[Aim of the task] Every record should be written out exactly, with the pictures left out.

┏━━

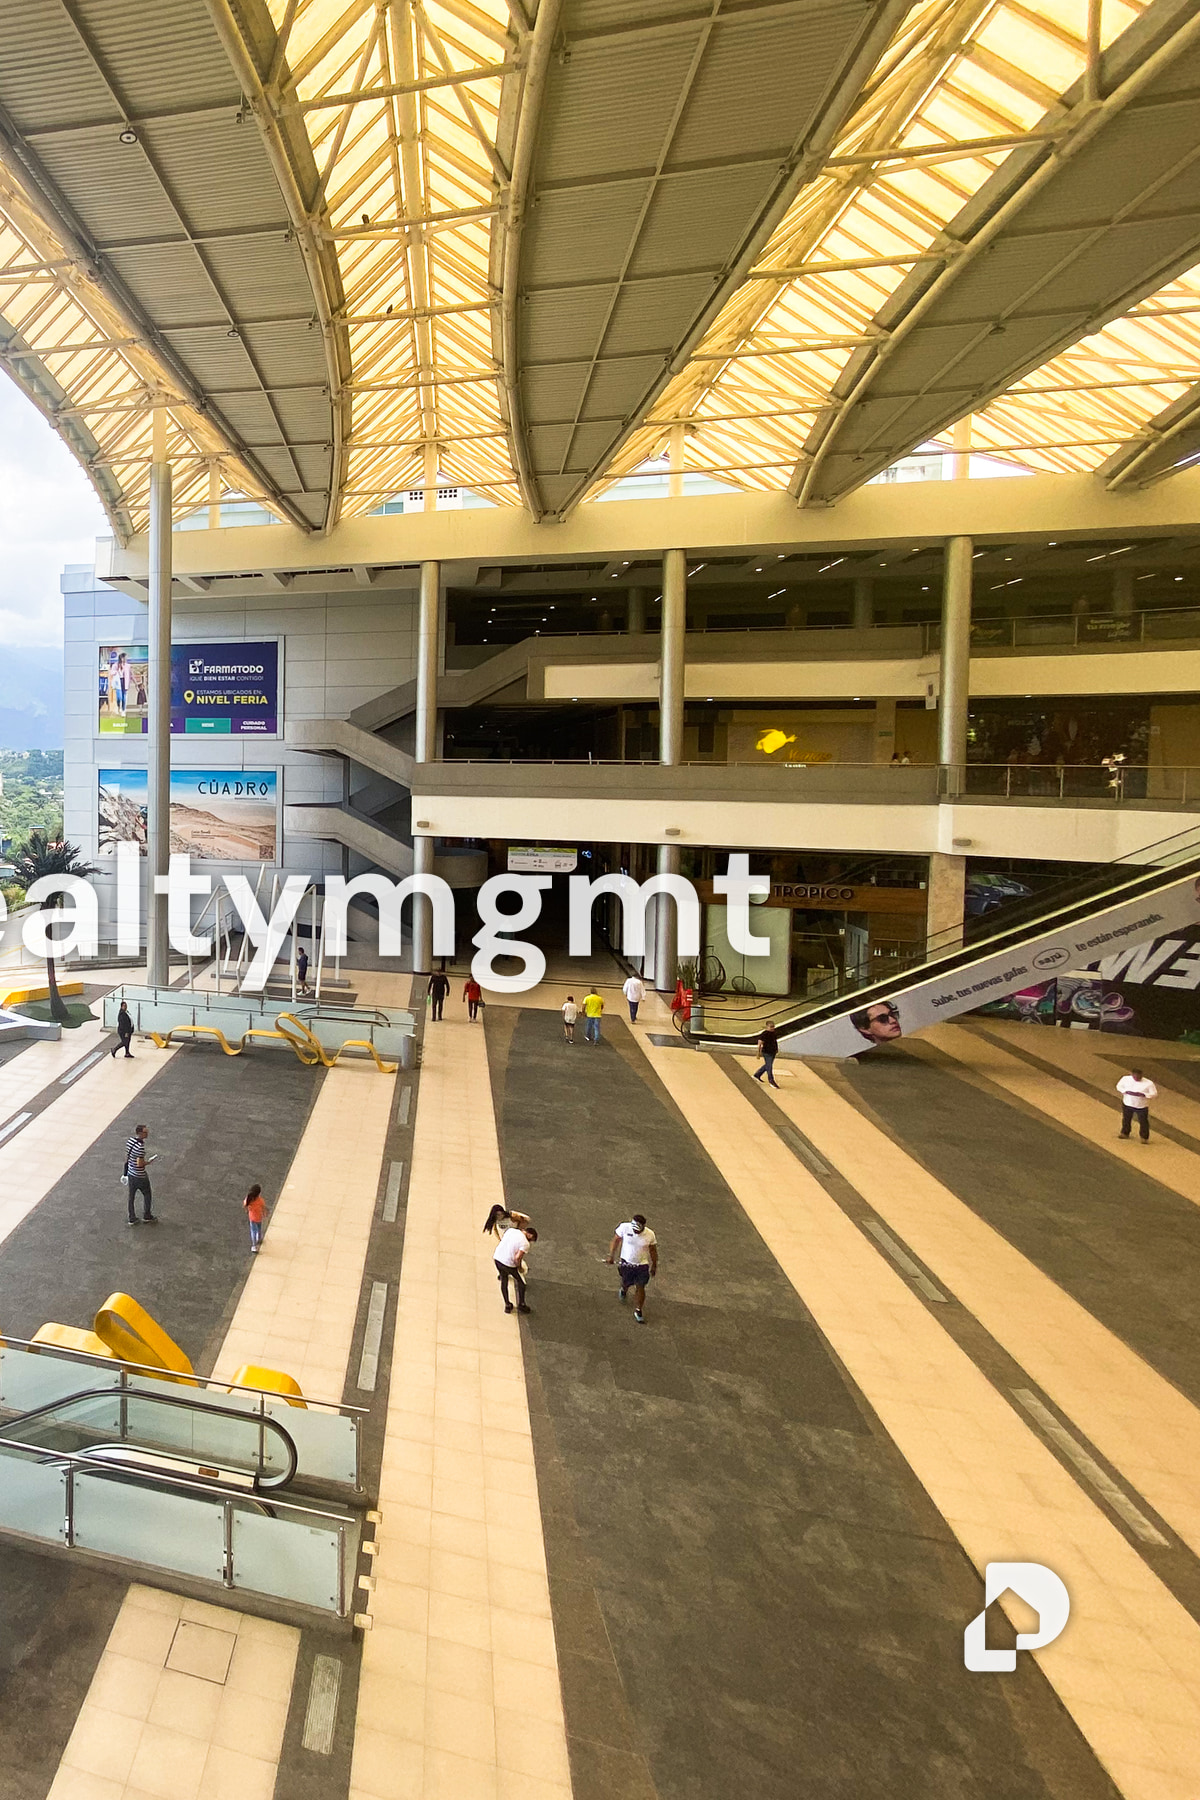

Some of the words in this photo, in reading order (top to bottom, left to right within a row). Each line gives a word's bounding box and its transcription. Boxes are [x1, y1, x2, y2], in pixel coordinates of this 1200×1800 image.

[203, 665, 264, 674] FARMATODO
[196, 695, 231, 705] NIVEL
[233, 695, 269, 705] FERIA
[773, 884, 855, 900] TROPICO
[931, 993, 958, 1008] Sube,
[956, 986, 973, 998] tus
[971, 975, 1004, 992] nuevas
[1003, 965, 1029, 983] gafas
[1075, 943, 1088, 952] te
[1087, 930, 1114, 949] están
[1112, 913, 1164, 938] esperando.

┗━━

[Response to the task]
Some of the words in this photo, in reading order (top to bottom, left to right within a row). Each line gives a word's bounding box and its transcription. Boxes are [x1, y1, x2, y2], in pixel coordinates of this 1200×1800 image.

[203, 665, 264, 674] FARMATODO
[196, 695, 231, 705] NIVEL
[233, 695, 269, 705] FERIA
[773, 884, 855, 900] TROPICO
[931, 993, 958, 1008] Sube,
[956, 986, 973, 998] tus
[971, 975, 1004, 992] nuevas
[1003, 965, 1029, 983] gafas
[1075, 943, 1088, 952] te
[1087, 930, 1114, 949] están
[1112, 913, 1164, 938] esperando.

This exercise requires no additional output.